C’est un peu maigre comme données. « On n’a aucun élément pour gérer en direct l’évolution des contaminations », se plaint amèrement une professeure de santé publique qui préfère rester anonyme, tant elle se lasse « de répéter tous les ans le même constat ». Faut-il rappeler que près d’une déclaration obligatoire de séropositivité sur deux n’est pas faite, révélant au passage le manque de sérieux sur ce volet des équipes médicales. « Les données épidémiologiques disponibles pour les années récentes, depuis notamment la crise sanitaire associée à la Covid-19, sont rendues peu robustes en raison de la baisse de participation des professionnels de santé à la surveillance, en particulier à celle de l’infection au VIH. Elles doivent donc être interprétées avec prudence », insiste Santé publique France.

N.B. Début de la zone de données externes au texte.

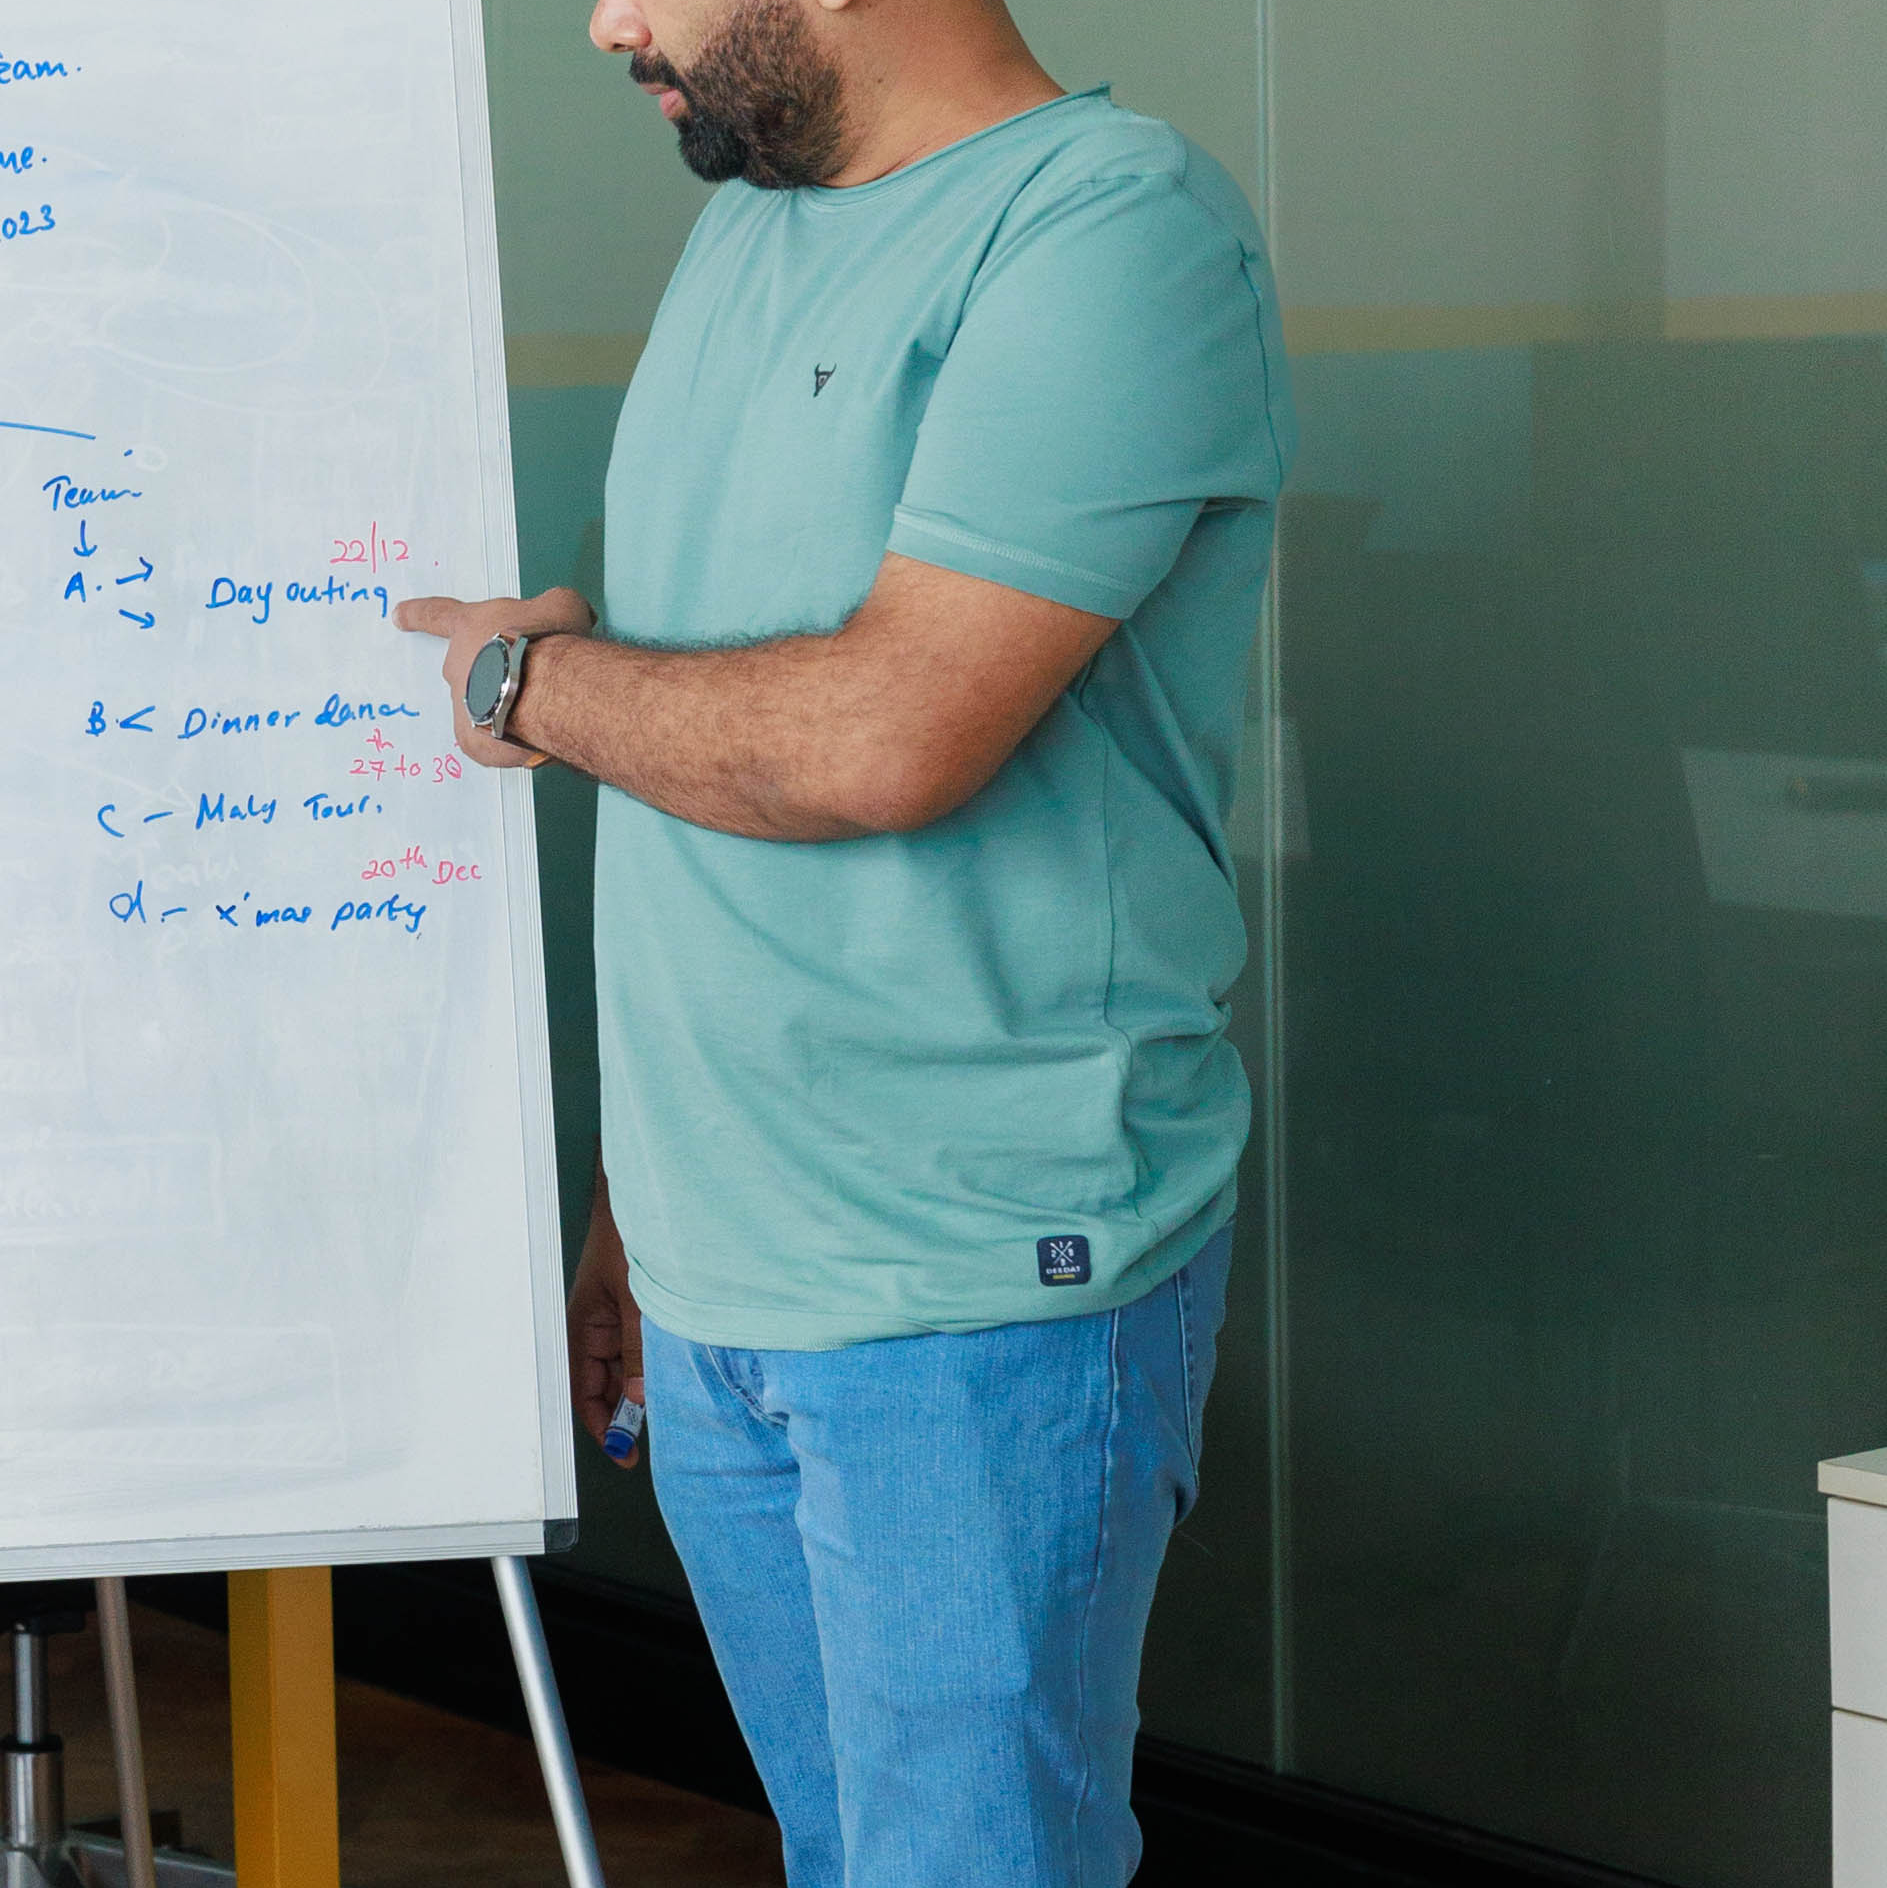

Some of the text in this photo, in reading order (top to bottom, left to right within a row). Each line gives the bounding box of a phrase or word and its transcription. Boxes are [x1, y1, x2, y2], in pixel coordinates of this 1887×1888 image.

Ce manque d’informations fiables n’est sans donner quelques inquiétudes. D’abord sur le dépistage : en France, sur le VIH on dépistait énormément, mais un peu n’importe comment. Avec le Covid, les pratiques ont changé, mais sans trop savoir vers quoi. « La crise sanitaire liée au Covid-19 a eu un impact important sur le recours au dépistage, observé à la fois pour le VIH et les IST bactériennes‚ qui malgré une reprise en 2021, peut laisser craindre un retard au diagnostic et une circulation plus importante de ces infections. »

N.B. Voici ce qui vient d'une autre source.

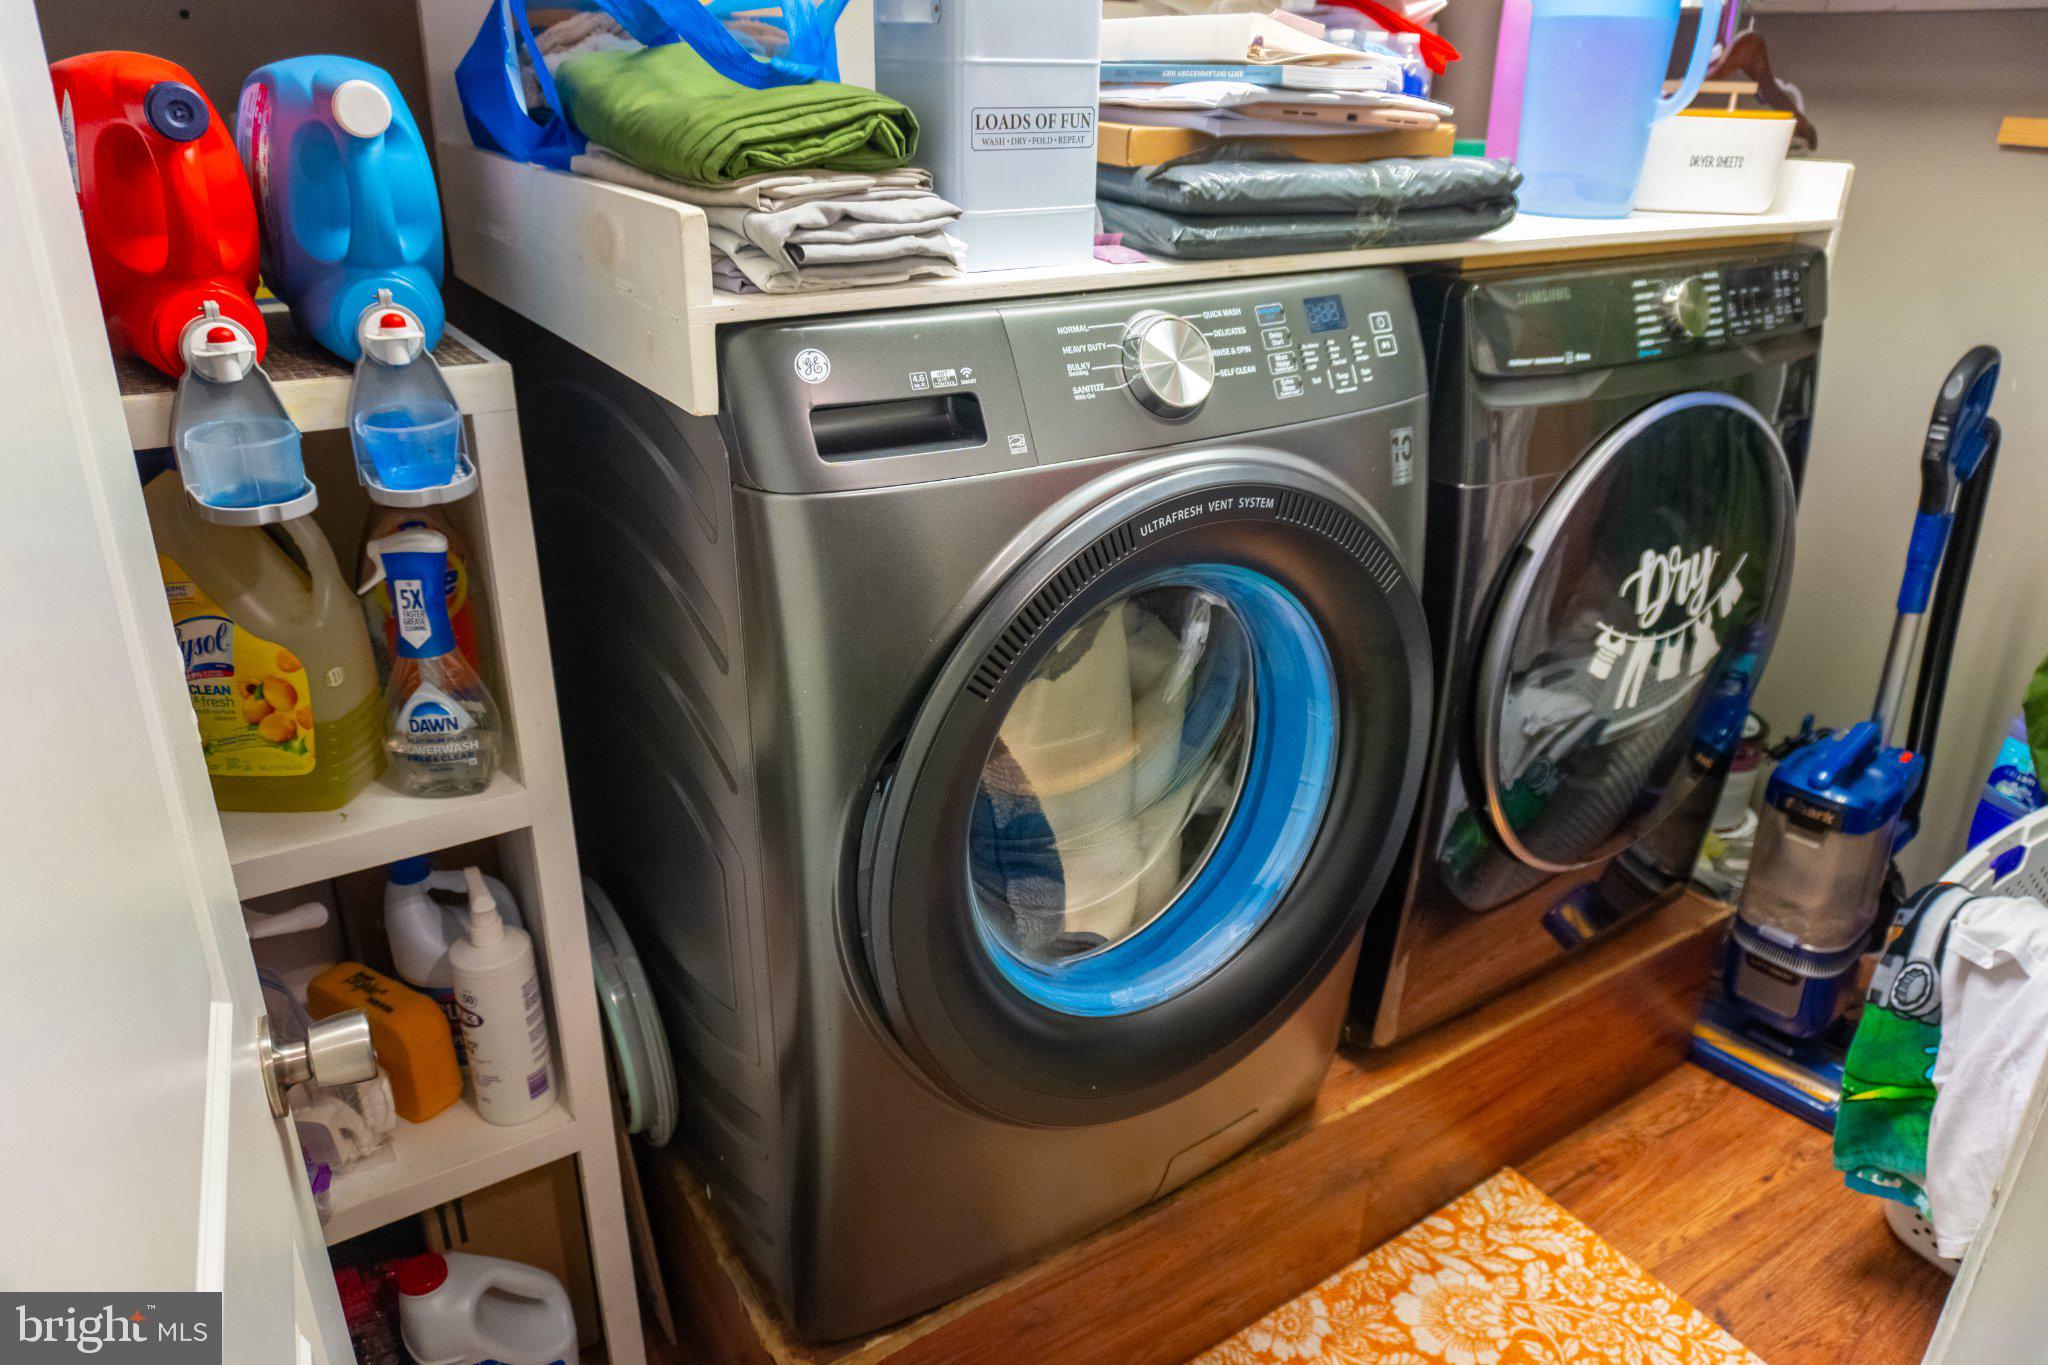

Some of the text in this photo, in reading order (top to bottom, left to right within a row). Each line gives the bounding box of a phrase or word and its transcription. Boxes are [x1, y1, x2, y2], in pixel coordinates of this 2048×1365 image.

[976, 113, 1091, 130] LOADS OF FUN
[982, 136, 1085, 146] WASH DRY FOLD REPEAT
[1690, 155, 1744, 168] DRYER SHEETS
[1203, 308, 1241, 319] QUICK WASH
[1057, 325, 1089, 334] NORMAL
[1213, 327, 1246, 337] DELICATES
[1062, 343, 1106, 354] HEAVY DUTY
[1237, 346, 1251, 354] SPIN
[1067, 362, 1090, 371] BULKY
[1220, 366, 1256, 377] SELF CLEAN
[1072, 383, 1104, 394] SANITIZE
[1140, 497, 1275, 537] ULTRAFRESH VENT SYSTEM
[1619, 544, 1720, 629] Dry
[400, 589, 424, 609] 5X
[188, 684, 232, 695] CLEAN
[201, 696, 235, 708] fresh
[409, 717, 459, 733] DAWN
[400, 740, 480, 754] POWERWASH

Très clairement, le niveau de dépistage du sida a baissé. Et n’a pas encore retrouvé celui d’avant Covid. En plus, les pratiques de dépistage dans les groupes à risque, en particulier chez les hommes ayant des rapports sexuels avec les hommes, ont évolué. « Le préservatif reste l’outil de protection le plus utilisé. Cependant une baisse continue de son usage est observée… Mais cette baisse est contrebalancée par l’augmentation significative de l’usage de la prophylaxie pré-exposition (PrEP), passant de 7% d’utilisation lors du dernier rapport anal avec un partenaire occasionnel en 2017, à 28% en 2021. »

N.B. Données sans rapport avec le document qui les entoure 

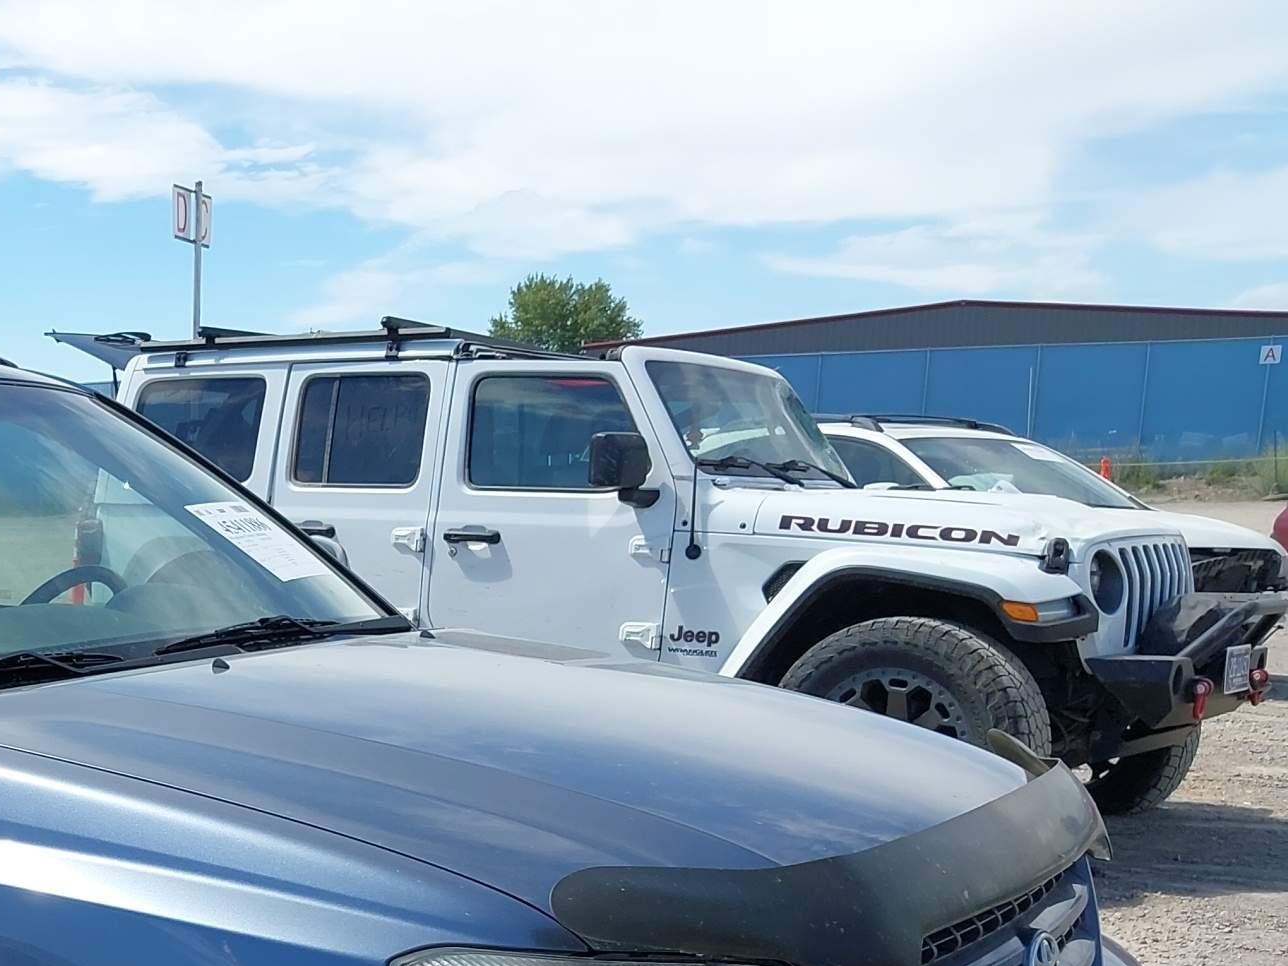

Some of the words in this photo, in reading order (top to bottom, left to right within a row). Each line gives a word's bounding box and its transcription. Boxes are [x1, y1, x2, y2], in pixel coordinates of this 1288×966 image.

« Casser les chaînes de transmission »
Rappelons que la PrEP est une prévention médicamenteuse, où la personne prend un médicament anti VIH, soit en continu, soit autour du moment où elle a des rapports à risque ; bien pris, cela marche très bien, avec un taux de succès de quasi 100%. Ils sont aujourd’hui près de 40 000, en France, à avoir initié la PrEP. Il n’empêche, en dépit de ce succès, cela n’empêche pas la poursuite de l’épidémie chez les gays. « Le niveau global de prévention contre le VIH n’augmente pas dans cette population d’HSH séronégatifs exposés au risque de contamination. L’ouverture de la primo-prescription de la PrEP en médecine de ville et des actions associatives d’“aller-vers” pourraient permettre de poursuivre la tendance de manière plus soutenue, alors que l’utilisation du préservatif ne cesse de s’éroder. »

Au final, alors que nous avons tous les dispositifs de prévention et de traitements pour casser l’épidémie, nous n’y arrivons toujours pas. Et l’on reste à un niveau conséquent de contaminations. « Un taux de recours au dépistage insuffisant entraîne un retard au diagnostic VIH et à l’accès aux traitements antiviraux », rappelle Santé Publique France. « L’effet préventif de ces traitements, qui permettent de vivre en bonne santé avec une espérance de vie restaurée, sans développer le sida et sans risque de transmettre le virus, a un impact direct sur la dynamique de l’épidémie. Il est également important de dépister les IST, pour certaines silencieuses, afin de casser les chaînes de transmission et la circulation de ces infections. »

Des propos de bon sens que l’on répète chaque 1er décembre, sans beaucoup d’effets, manifestement. En ce qui concerne la planète, le souhait de l’OMS d’arriver à bloquer l’épidémie en 2030 s’éloigne de plus en plus.